Transcribe the records in full; omit images.

====

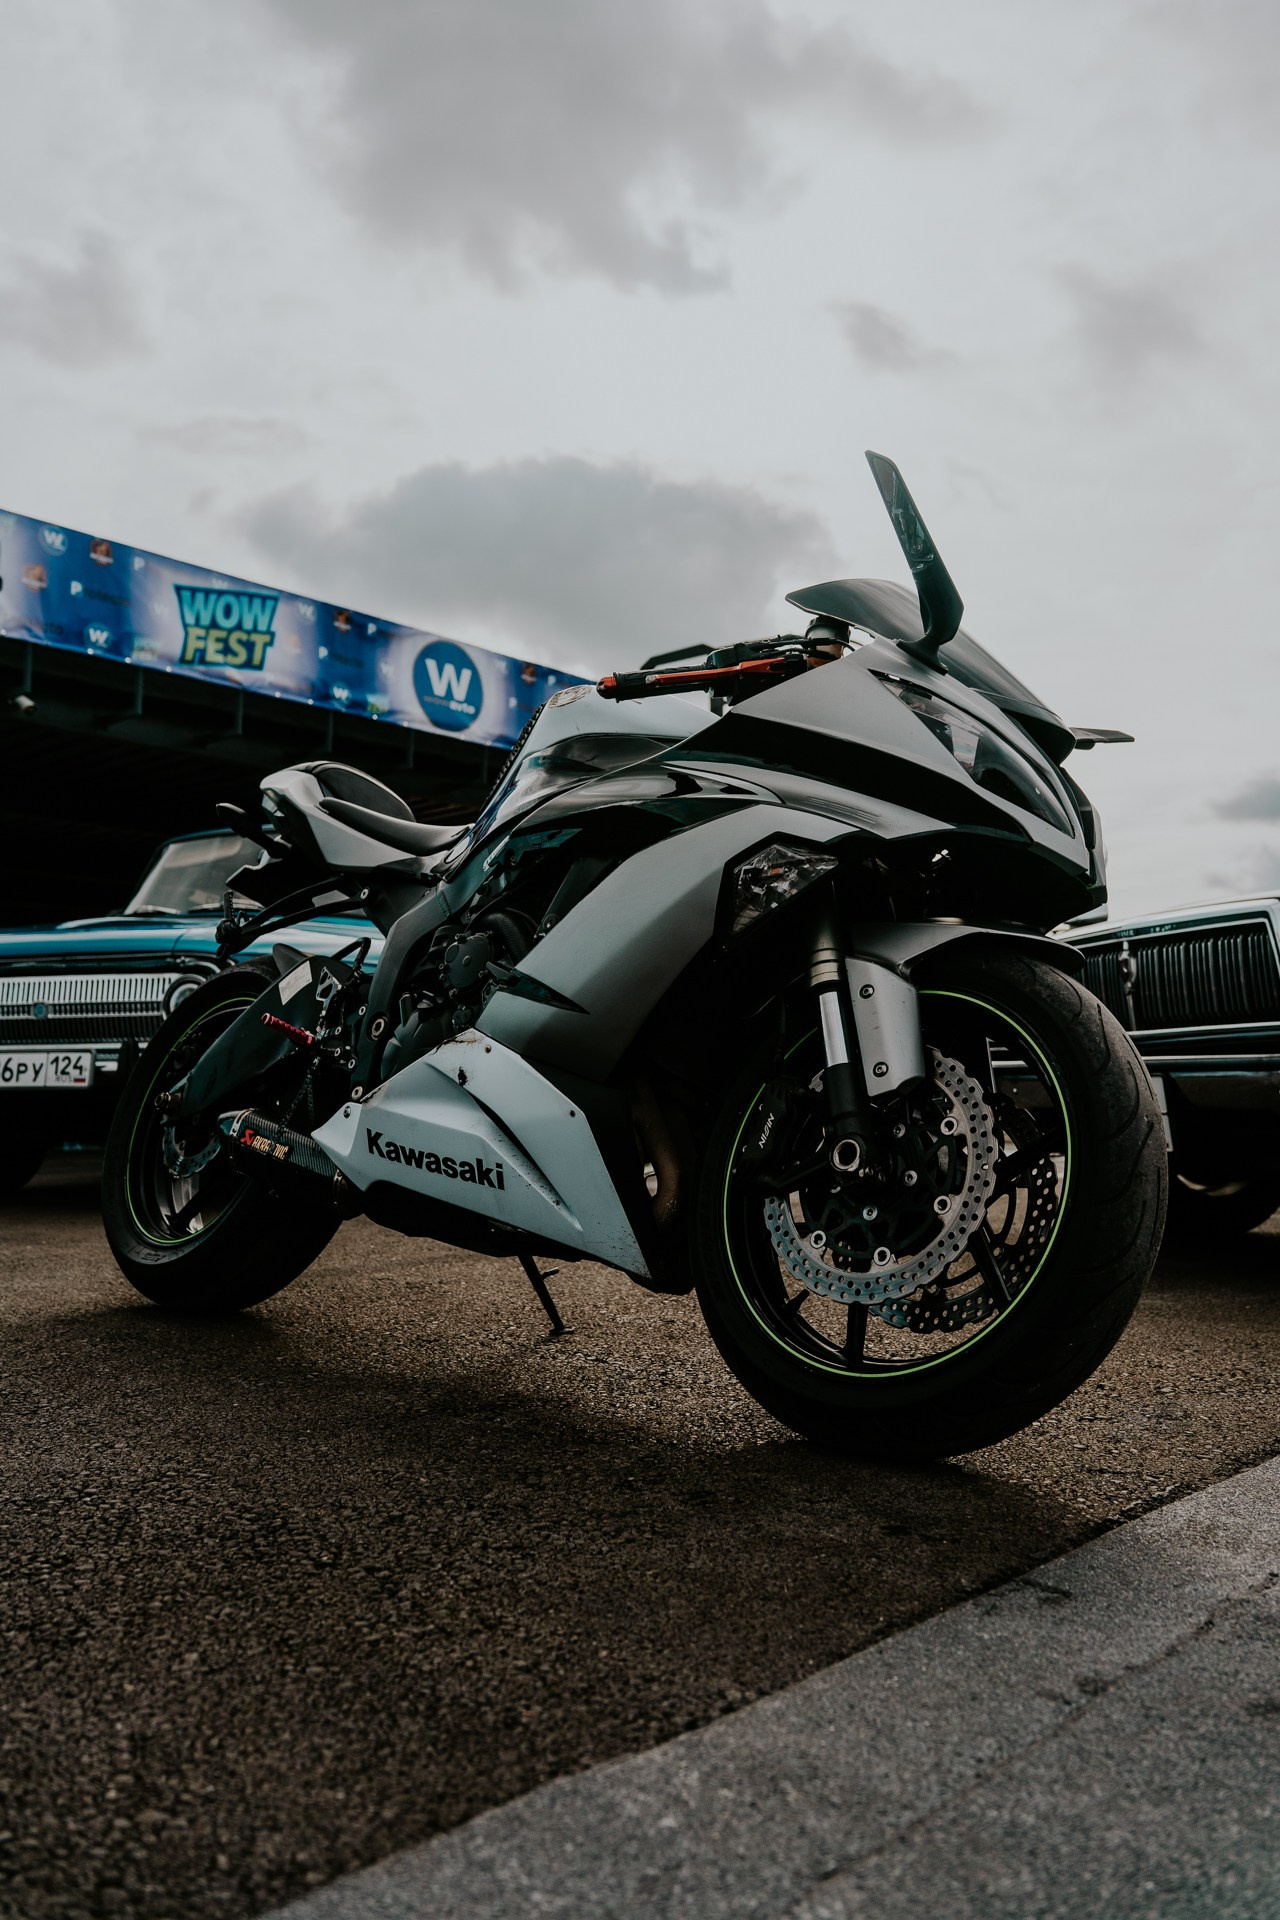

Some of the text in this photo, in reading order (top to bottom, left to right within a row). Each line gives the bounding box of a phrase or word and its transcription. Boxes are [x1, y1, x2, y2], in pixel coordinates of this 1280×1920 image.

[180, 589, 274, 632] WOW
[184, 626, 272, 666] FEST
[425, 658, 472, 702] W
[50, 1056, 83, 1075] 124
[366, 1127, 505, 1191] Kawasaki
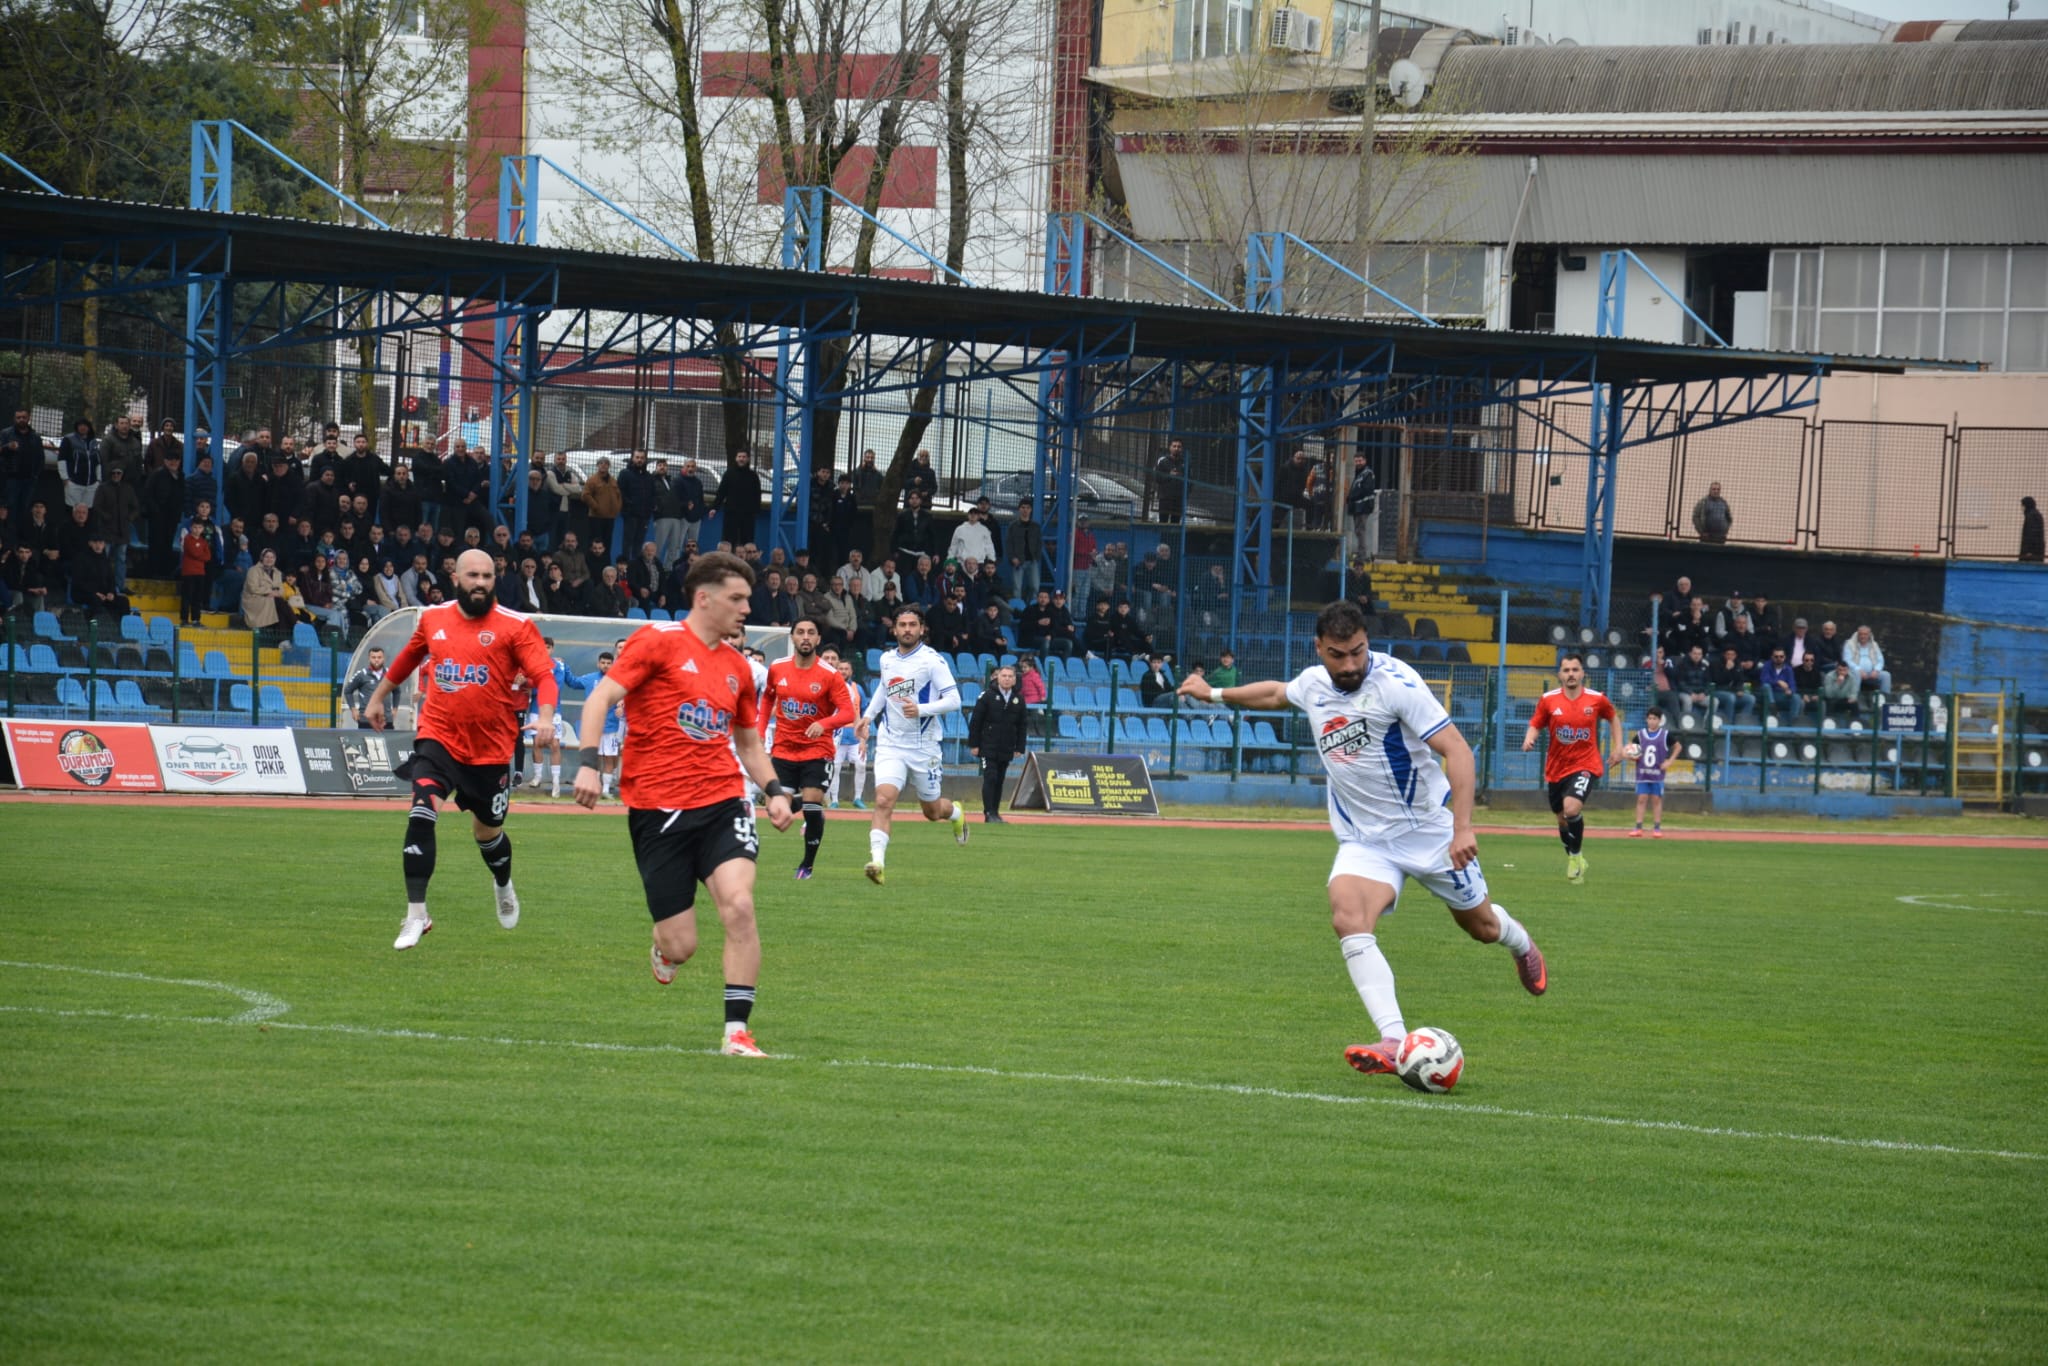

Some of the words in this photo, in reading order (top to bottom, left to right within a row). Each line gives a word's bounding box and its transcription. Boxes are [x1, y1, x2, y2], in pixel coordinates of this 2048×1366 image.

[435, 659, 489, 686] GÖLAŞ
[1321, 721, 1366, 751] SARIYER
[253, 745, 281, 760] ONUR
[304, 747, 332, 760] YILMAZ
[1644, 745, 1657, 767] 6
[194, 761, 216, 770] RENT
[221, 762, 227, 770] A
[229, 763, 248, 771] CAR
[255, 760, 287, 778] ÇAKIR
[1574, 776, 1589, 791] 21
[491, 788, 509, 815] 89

====

Written solution:
Some of the text in this photo, in reading order (top to bottom, left to right within a row). Each line gives the bounding box of a phrase or word and its transcription. Boxes are [x1, y1, x2, y2], in pixel coordinates of this 1280×1920 image.

[180, 589, 274, 632] WOW
[184, 626, 272, 666] FEST
[425, 658, 472, 702] W
[50, 1056, 83, 1075] 124
[366, 1127, 505, 1191] Kawasaki

Some of the words in this photo, in reading order (top to bottom, left to right within a row). Each line gives a word's bounding box and its transcription. Boxes are [x1, y1, x2, y2], in pixel coordinates of this 2048×1366 image.

[435, 659, 489, 686] GÖLAŞ
[1321, 721, 1366, 751] SARIYER
[253, 745, 281, 760] ONUR
[304, 747, 332, 760] YILMAZ
[1644, 745, 1657, 767] 6
[194, 761, 216, 770] RENT
[221, 762, 227, 770] A
[229, 763, 248, 771] CAR
[255, 760, 287, 778] ÇAKIR
[1574, 776, 1589, 791] 21
[491, 788, 509, 815] 89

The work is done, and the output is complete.